====== Parameter-Efficient Fine-Tuning (PEFT) and LoRA ======

Parameter-Efficient Fine-Tuning (PEFT) refers to a family of techniques that adapt large pre-trained models to new tasks by updating only 0.01–1% of model parameters while keeping the rest frozen. This dramatically reduces compute, memory, and storage requirements compared to full fine-tuning.((Ding et al., "Delta Tuning: A Comprehensive Study of Parameter Efficient Methods for Pre-trained Language Models" [[https://arxiv.org/abs/2203.06904|arXiv:2203.06904]]))

===== Definition and Motivation =====

Full fine-tuning requires updating every parameter of a model — often billions of weights — for each downstream task. This is prohibitively expensive at scale. PEFT addresses this by identifying a small, task-specific parameter subspace to update.

**Why PEFT matters:**

  * **Cost reduction** — Training a 7B model with LoRA requires ~1/10th the GPU memory of full fine-tuning
  * **Mitigates catastrophic forgetting** — Frozen backbone preserves general capabilities while adapters capture task-specific behavior
  * **Lower overfitting risk** — Fewer trainable parameters means less risk of memorizing small datasets
  * **Multi-task scalability** — A single base model can host dozens of lightweight adapters, one per task, swapped at inference time

**Full Fine-Tuning vs.

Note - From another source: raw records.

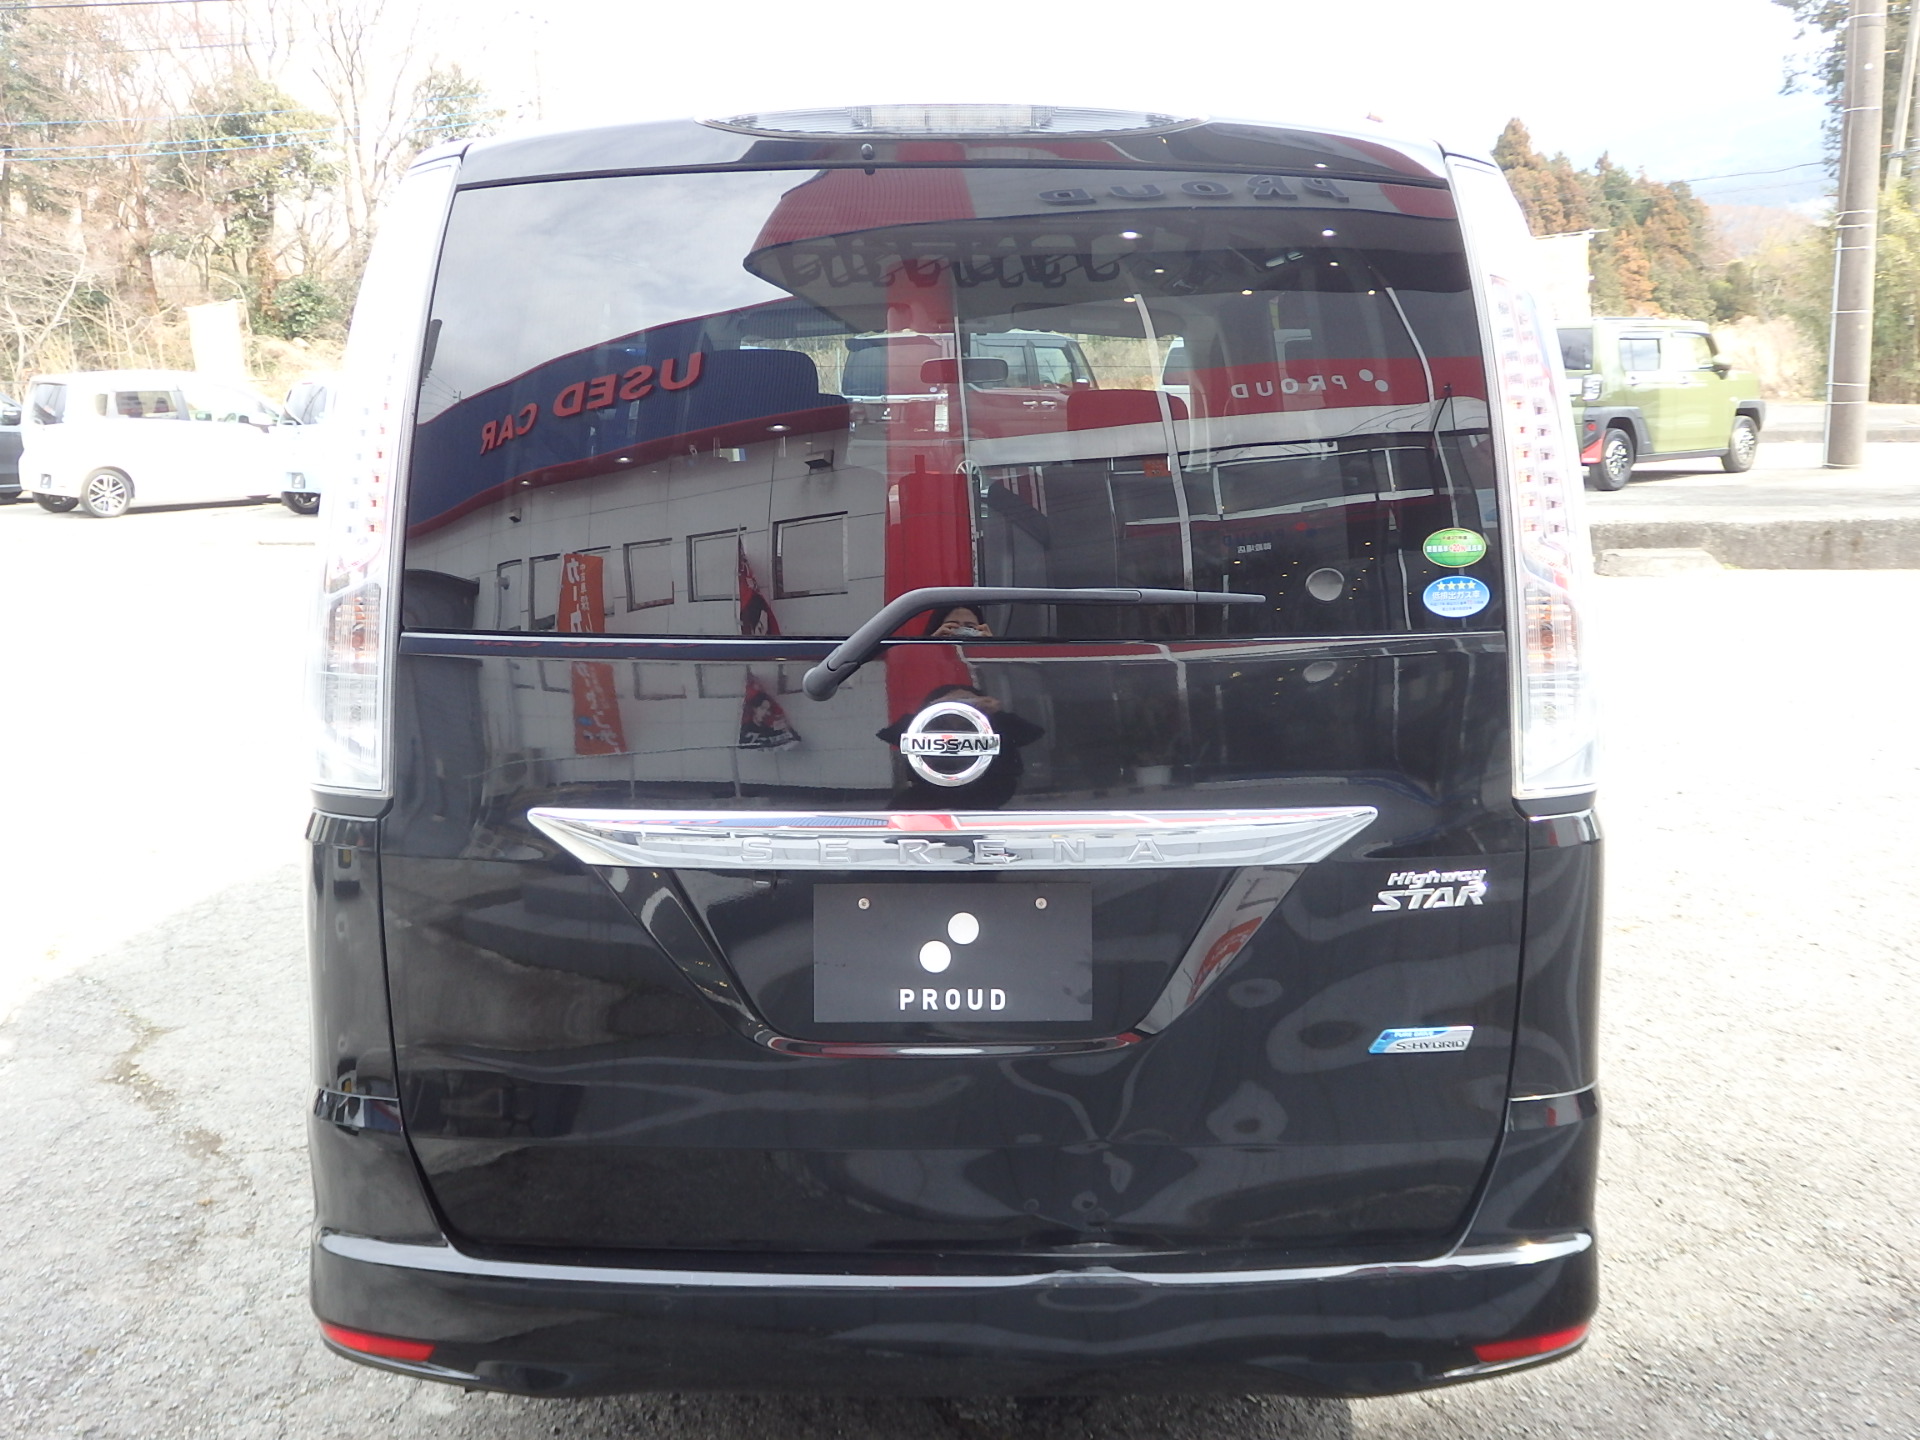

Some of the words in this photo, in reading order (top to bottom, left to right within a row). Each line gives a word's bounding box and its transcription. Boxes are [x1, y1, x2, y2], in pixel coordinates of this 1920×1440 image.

[911, 738, 989, 751] NISSAN
[741, 837, 1165, 865] SERENA
[1387, 869, 1487, 889] Highway
[1371, 885, 1487, 912] STAR
[899, 988, 1006, 1011] PROUD

PEFT:**

^ Dimension ^ Full Fine-Tuning ^ PEFT (e.g. LoRA) ^
| Trainable params | 100% | 0.01–1% |
| GPU memory (7B model) | ~80 GB (bf16) | ~8–16 GB |
| Training time | Days–weeks | Hours–days |
| Catastrophic forgetting | High risk | Low risk |
| Per-task storage | Full model copy | Small adapter (~10–100 MB) |
| Multi-task serving | One model per task | One base + N adapters |

===== LoRA: Low-Rank Adaptation =====

LoRA((Hu et al. 2021, "LoRA: Low-Rank Adaptation of Large Language Models" [[https://arxiv.org/abs/2106.09685|arXiv:2106.09685]])) is the most widely adopted PEFT method. Instead of updating a weight matrix **W** directly, it injects a low-rank decomposition:

<code>
delta_W = B * A

where:
  W  is the original frozen weight  (d x k)
  B  is a trainable matrix           (d x r)
  A  is a trainable matrix           (r x k)
  r << min(d, k)   [the rank]
</code>

During forward pass: //h = W_0 x + (B A) x//

==== Alpha Scaling ====

LoRA introduces a scaling hyperparameter //alpha// applied to the adapter output:

<code>
output = W_0 x + (alpha / r) * B * A * x
</code>

Typically //alpha// is set equal to //r// (so the scale factor is 1), or to //2r// for slightly stronger adaptation. This decouples learning rate sensitivity from rank choice.

==== Rank Selection ====

  * **r = 4–8**: Most common default; sufficient for instruction following and style adaptation
  * **r = 16–64**: For domain adaptation or tasks requiring significant behavioral shift
  * **r = 128+**: Rarely needed; approaches full fine-tuning parameter counts

The rule of thumb is to start with **r = 8** and increase only if validation loss stagnates.

==== Target Layers ====

LoRA is typically applied to the attention projection matrices:

  * **W_q** (query) and **W_v** (value) — minimum effective set
  * **W_k** (key) and **W_o** (output projection) — common addition
  * MLP layers (up/down/gate projections) — for stronger adaptation

Applying LoRA to all linear layers generally yields the best results at modest rank.

==== Zero Inference Latency ====

After training, LoRA adapters can be **merged** back into the base weights:

<code python>
W_merged = W_0 + (alpha / r) * B @ A
</code>

The merged model is identical in architecture to the original — no extra compute at inference.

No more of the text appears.